The Strindberg Museum Saxen is located in the village Saxen in Upper Austria. It is the only Strindberg museum outside of Sweden and is managed by the Kulturverein Saxen.

== Description ==

In 1997 the museum was founded in 1997 by Friedrich Buchmayr and the community of Saxen.

In 1893 August Strindberg married the Austrian author and translator Frida Uhl, and between 1893 and 1896 he stayed several times with her and their child Kerstin in Saxen and Klam. First they lived in the castle Dornach or in a building adjacent to the castle respectively. After controversies with Fridas family and Frida herself, he moved to Klam, a neighbouring place of Saxen, where he took the so-called Rosenzimmer in the inn Kirchenwirt.

The museum displays original letters and manuscripts, contemporary photographs and a piano purchased by August Strindberg himself.
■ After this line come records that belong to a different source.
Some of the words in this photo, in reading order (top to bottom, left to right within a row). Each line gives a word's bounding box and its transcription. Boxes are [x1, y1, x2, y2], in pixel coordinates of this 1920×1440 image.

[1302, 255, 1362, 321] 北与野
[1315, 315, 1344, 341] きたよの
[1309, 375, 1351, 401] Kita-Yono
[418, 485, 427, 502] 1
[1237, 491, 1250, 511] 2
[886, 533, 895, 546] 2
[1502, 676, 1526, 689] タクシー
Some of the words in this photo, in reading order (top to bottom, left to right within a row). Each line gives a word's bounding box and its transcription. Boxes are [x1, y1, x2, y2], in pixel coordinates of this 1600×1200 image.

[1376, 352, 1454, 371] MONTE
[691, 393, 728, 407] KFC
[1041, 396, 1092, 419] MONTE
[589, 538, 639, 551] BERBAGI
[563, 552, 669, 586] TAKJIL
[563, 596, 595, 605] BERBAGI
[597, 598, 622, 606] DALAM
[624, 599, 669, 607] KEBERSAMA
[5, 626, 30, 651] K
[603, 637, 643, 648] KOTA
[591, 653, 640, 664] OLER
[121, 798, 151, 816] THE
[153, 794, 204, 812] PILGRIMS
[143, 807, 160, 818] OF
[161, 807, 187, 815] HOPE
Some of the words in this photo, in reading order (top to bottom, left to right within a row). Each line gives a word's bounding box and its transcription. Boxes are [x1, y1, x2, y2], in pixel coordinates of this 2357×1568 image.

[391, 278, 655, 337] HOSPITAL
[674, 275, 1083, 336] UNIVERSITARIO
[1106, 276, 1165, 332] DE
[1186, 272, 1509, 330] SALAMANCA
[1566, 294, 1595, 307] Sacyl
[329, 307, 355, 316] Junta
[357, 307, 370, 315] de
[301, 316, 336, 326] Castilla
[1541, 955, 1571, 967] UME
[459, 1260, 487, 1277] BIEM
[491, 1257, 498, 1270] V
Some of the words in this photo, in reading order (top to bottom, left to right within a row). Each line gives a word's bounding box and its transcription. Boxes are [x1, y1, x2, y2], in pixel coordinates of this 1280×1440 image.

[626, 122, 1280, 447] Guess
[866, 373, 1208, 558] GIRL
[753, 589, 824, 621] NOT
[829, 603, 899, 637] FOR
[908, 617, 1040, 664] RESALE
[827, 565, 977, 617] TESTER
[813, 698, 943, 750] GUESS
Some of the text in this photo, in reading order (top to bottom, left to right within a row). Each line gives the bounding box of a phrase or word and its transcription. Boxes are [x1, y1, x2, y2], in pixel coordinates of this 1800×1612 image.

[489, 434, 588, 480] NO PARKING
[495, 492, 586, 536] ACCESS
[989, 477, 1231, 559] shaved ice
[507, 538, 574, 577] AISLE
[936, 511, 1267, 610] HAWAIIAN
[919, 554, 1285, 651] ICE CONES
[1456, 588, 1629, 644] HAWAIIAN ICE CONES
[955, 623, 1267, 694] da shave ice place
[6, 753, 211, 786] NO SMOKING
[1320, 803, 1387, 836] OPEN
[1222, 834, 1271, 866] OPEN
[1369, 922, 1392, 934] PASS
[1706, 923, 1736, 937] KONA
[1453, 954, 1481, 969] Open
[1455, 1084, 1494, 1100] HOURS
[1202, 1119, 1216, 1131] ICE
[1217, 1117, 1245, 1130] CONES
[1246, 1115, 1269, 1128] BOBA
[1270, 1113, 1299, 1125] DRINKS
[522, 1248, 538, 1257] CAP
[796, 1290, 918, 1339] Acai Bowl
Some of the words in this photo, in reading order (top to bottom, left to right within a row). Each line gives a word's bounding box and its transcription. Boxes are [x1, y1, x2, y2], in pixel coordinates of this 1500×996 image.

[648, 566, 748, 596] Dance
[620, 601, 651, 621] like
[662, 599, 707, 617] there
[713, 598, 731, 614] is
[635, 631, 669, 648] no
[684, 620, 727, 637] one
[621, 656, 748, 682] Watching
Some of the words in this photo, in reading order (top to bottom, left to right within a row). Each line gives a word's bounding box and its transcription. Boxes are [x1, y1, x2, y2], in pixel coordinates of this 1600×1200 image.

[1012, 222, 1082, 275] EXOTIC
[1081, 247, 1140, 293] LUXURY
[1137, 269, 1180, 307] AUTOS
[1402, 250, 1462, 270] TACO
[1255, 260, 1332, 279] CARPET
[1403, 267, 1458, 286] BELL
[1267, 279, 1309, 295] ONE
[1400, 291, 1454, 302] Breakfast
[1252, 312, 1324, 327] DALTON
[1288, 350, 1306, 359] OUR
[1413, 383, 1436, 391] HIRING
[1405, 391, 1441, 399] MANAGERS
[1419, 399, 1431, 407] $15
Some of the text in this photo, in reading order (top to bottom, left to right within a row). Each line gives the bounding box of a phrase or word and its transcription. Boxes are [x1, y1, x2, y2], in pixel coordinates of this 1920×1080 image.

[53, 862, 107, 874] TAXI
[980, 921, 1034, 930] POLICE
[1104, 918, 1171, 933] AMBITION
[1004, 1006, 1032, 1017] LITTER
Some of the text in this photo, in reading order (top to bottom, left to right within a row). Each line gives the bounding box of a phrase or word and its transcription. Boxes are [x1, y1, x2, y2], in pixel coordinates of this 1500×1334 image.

In the surroundings of Klam August Strindberg found a lot of themes for his paintings, e.g. the cascades in the canyon between Klam and Saxen, as well as for his novels where he depicted for example the stone formations, the hammer mill and a pigsty in the canyon. In the fifteenth chapter of his novel Inferno he describes his visions having experienced during a walk through the canyon.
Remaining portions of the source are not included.